Task details -
Carry none of the pictures over; write out the complete data exactly.

Free-text object descriptions -
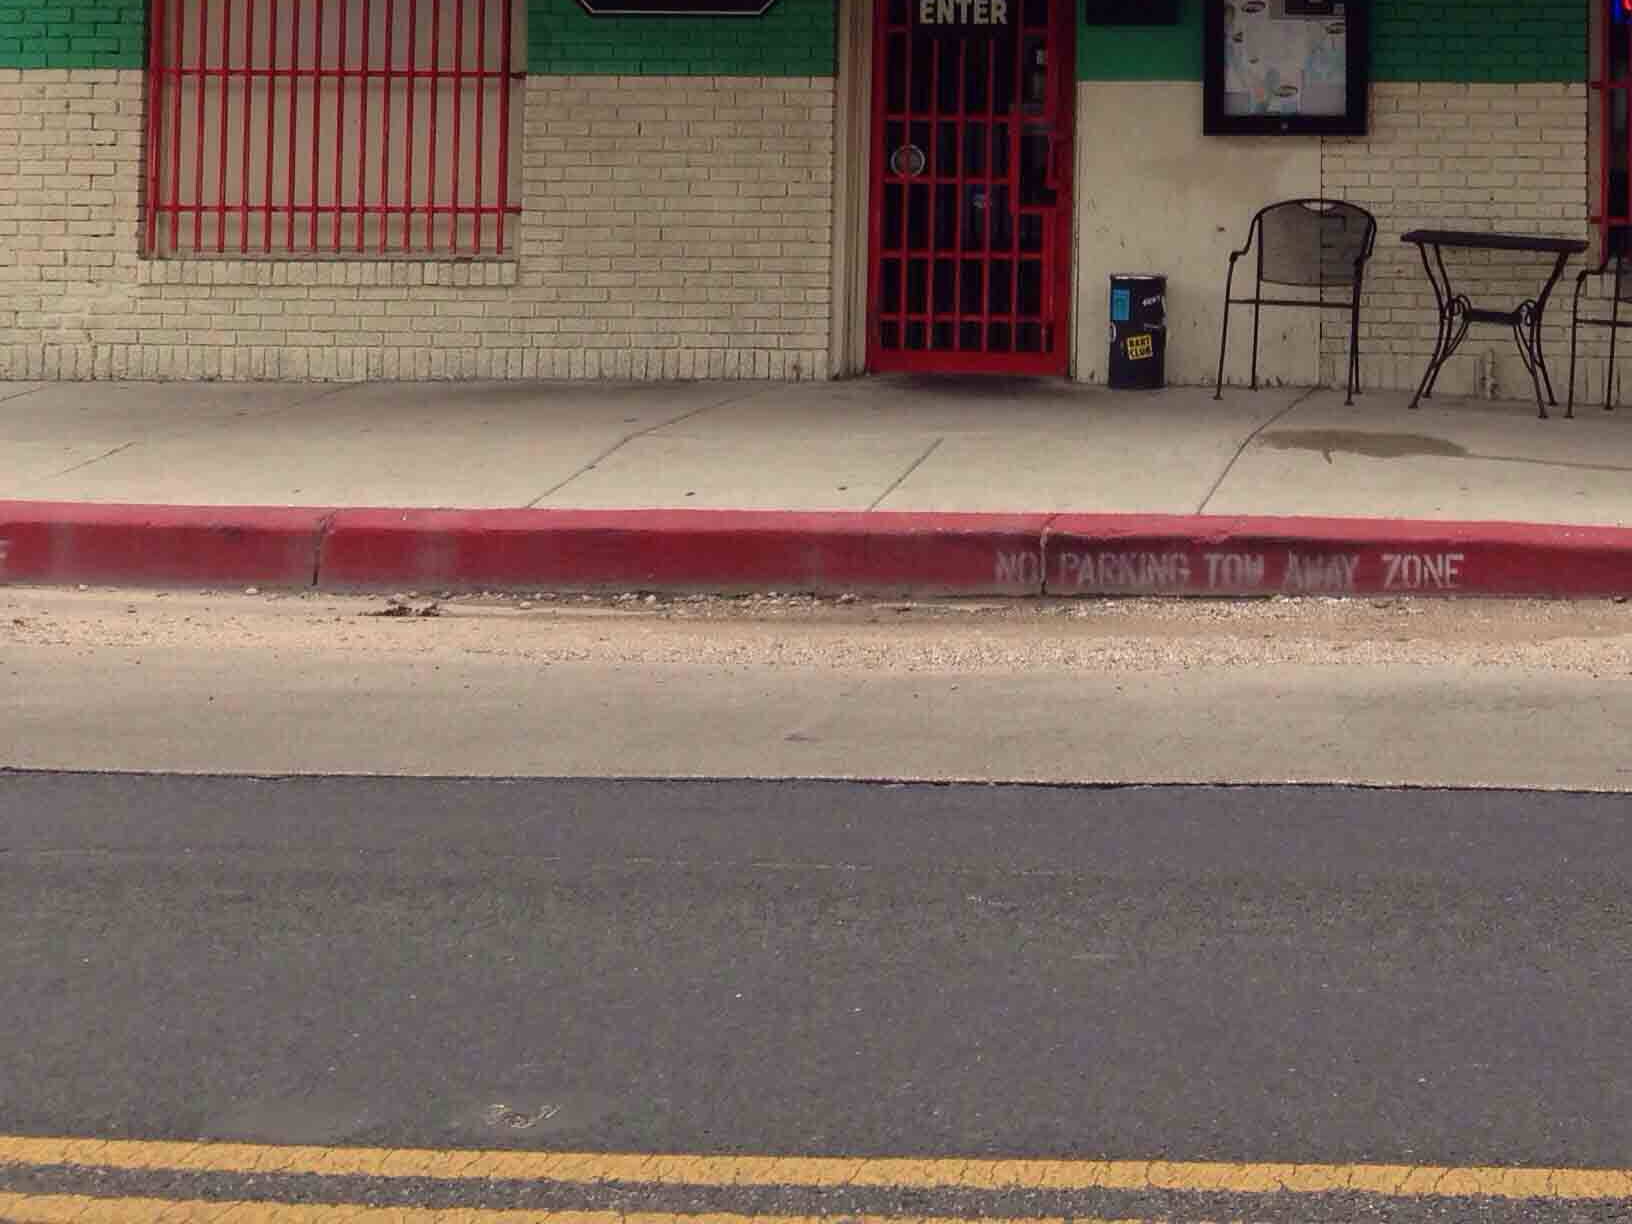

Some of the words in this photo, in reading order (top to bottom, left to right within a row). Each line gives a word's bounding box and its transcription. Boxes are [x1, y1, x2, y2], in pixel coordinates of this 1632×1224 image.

[998, 551, 1041, 584] NO
[1060, 551, 1192, 587] PARKING
[1204, 553, 1266, 588] TOW
[1285, 553, 1360, 589] AWAY
[1383, 553, 1466, 589] ZONE
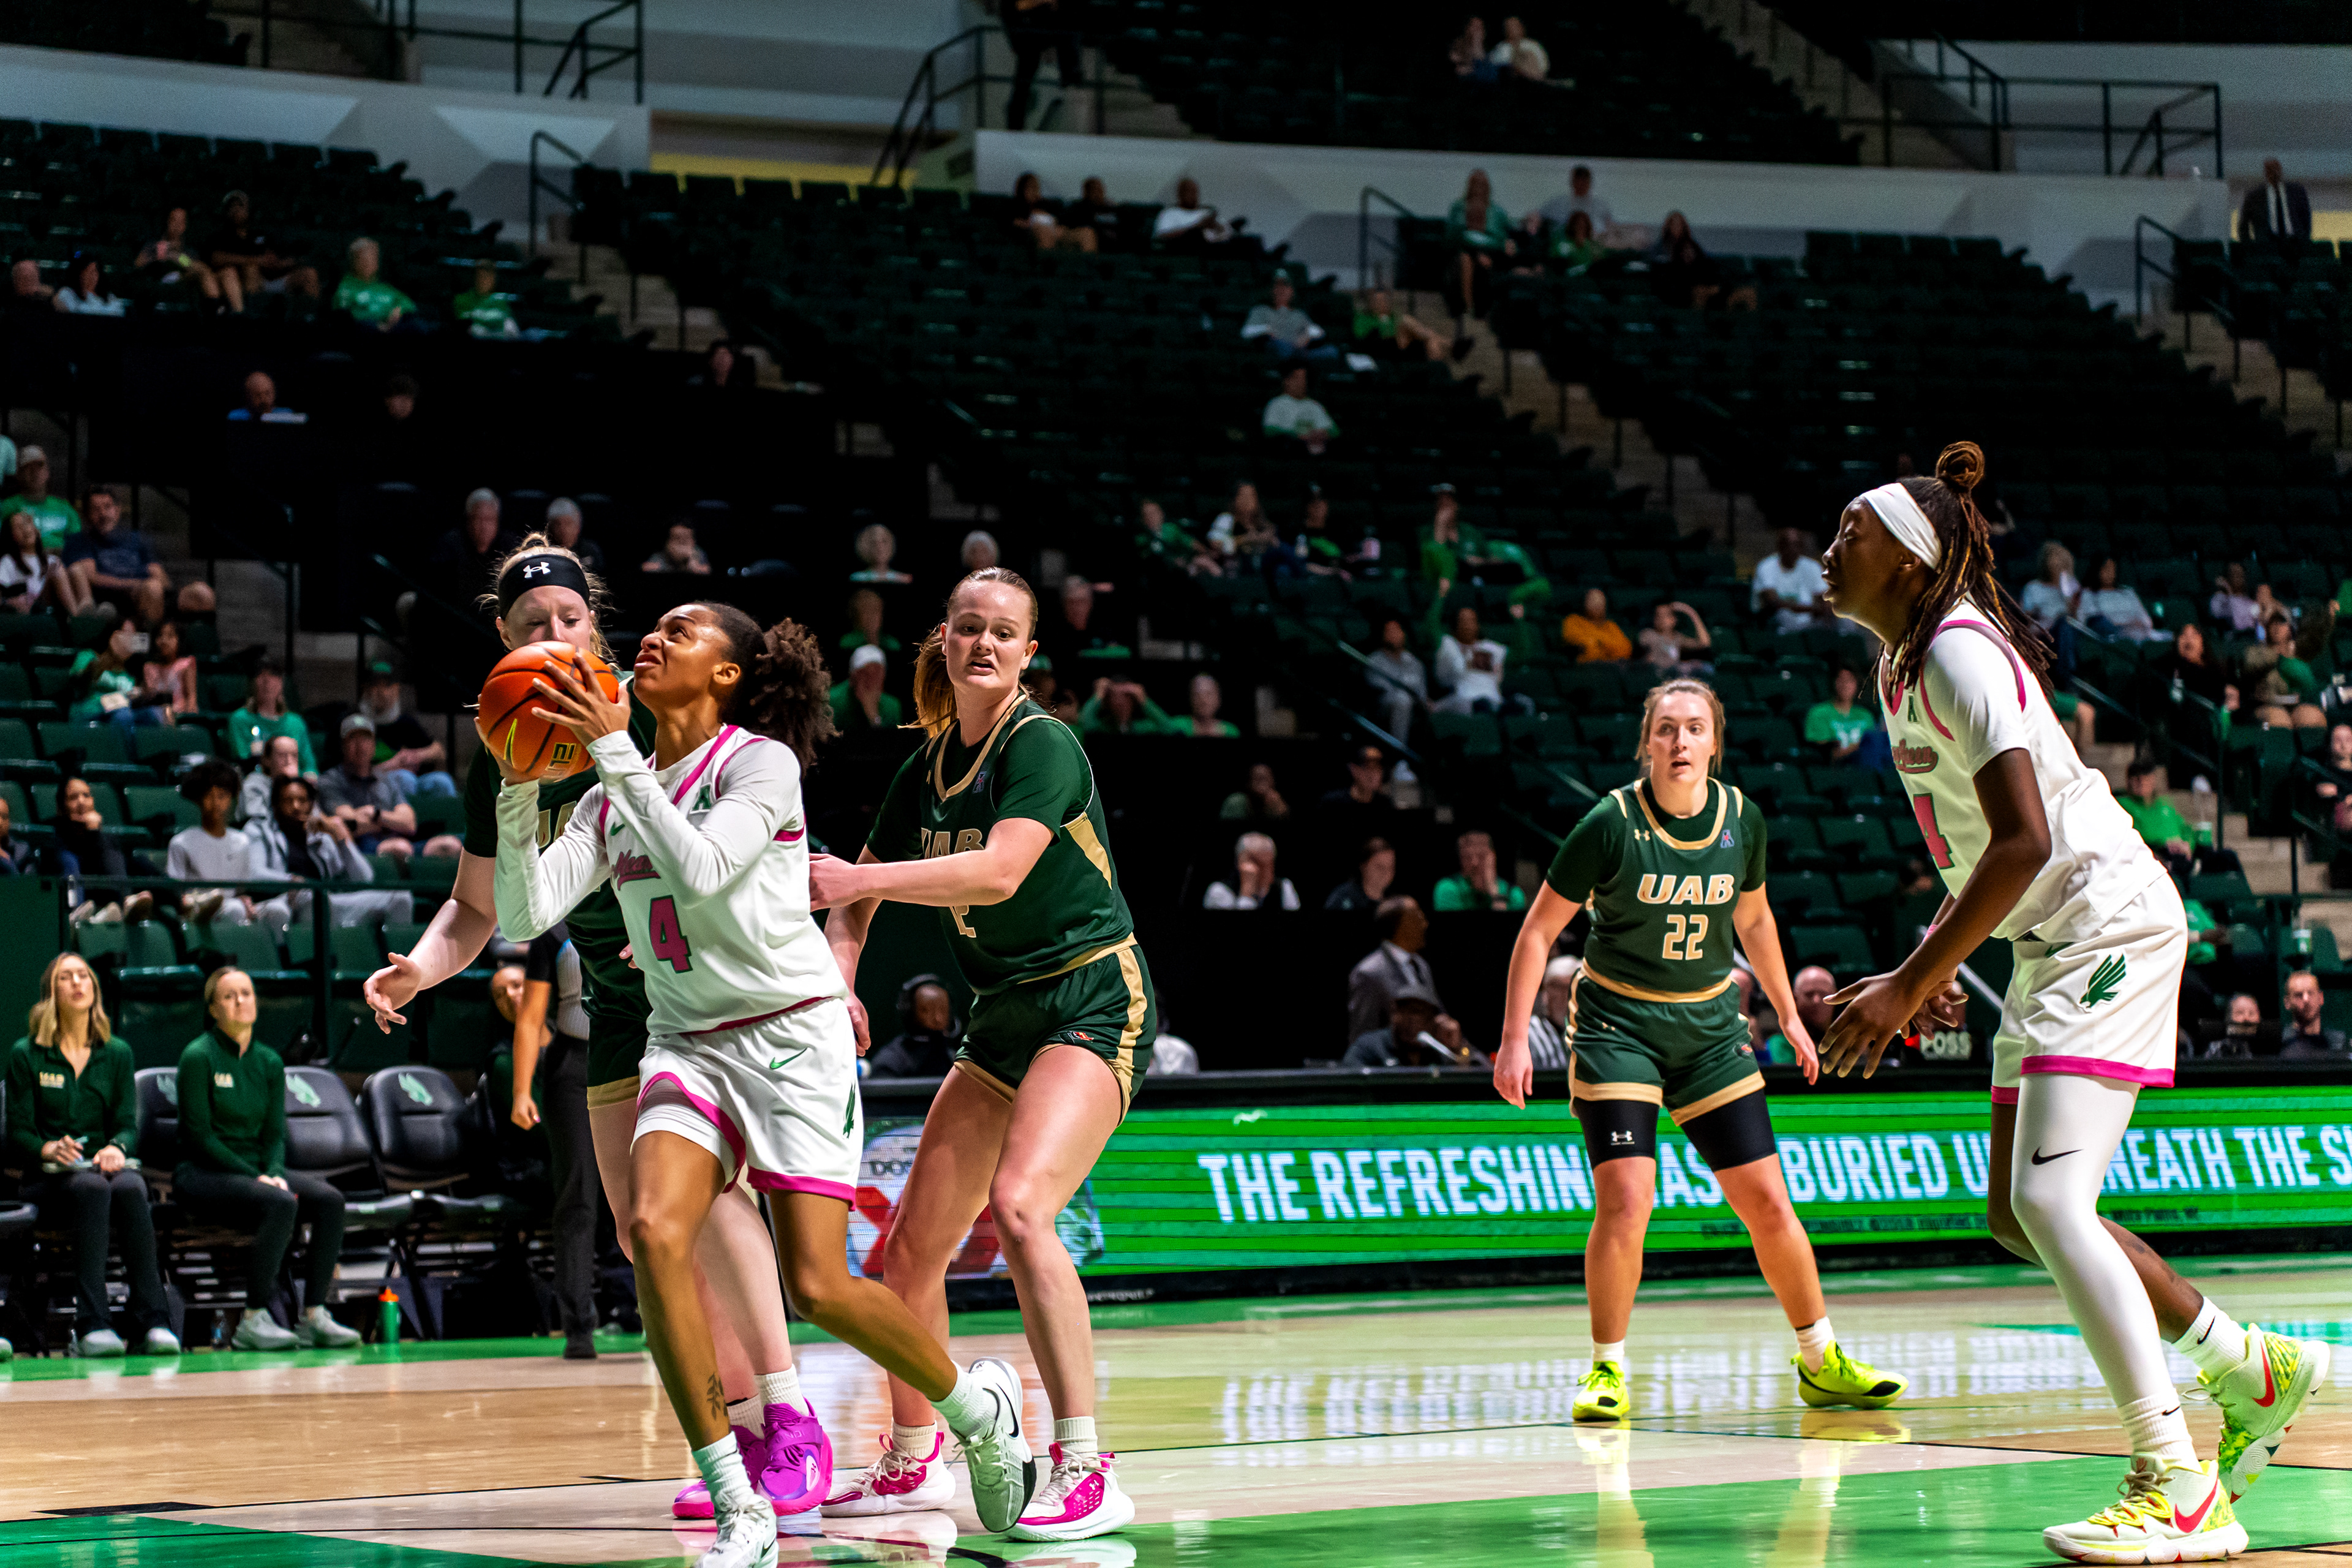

Your solution -
Some of the words in this photo, in reading order (top to bottom, left to right within a row). Each line gives a word's bounding box and its transcription. Boxes are [x1, y1, x2, y2], in pixel coordinates of this 1632×1224 image.

[998, 551, 1041, 584] NO
[1060, 551, 1192, 587] PARKING
[1204, 553, 1266, 588] TOW
[1285, 553, 1360, 589] AWAY
[1383, 553, 1466, 589] ZONE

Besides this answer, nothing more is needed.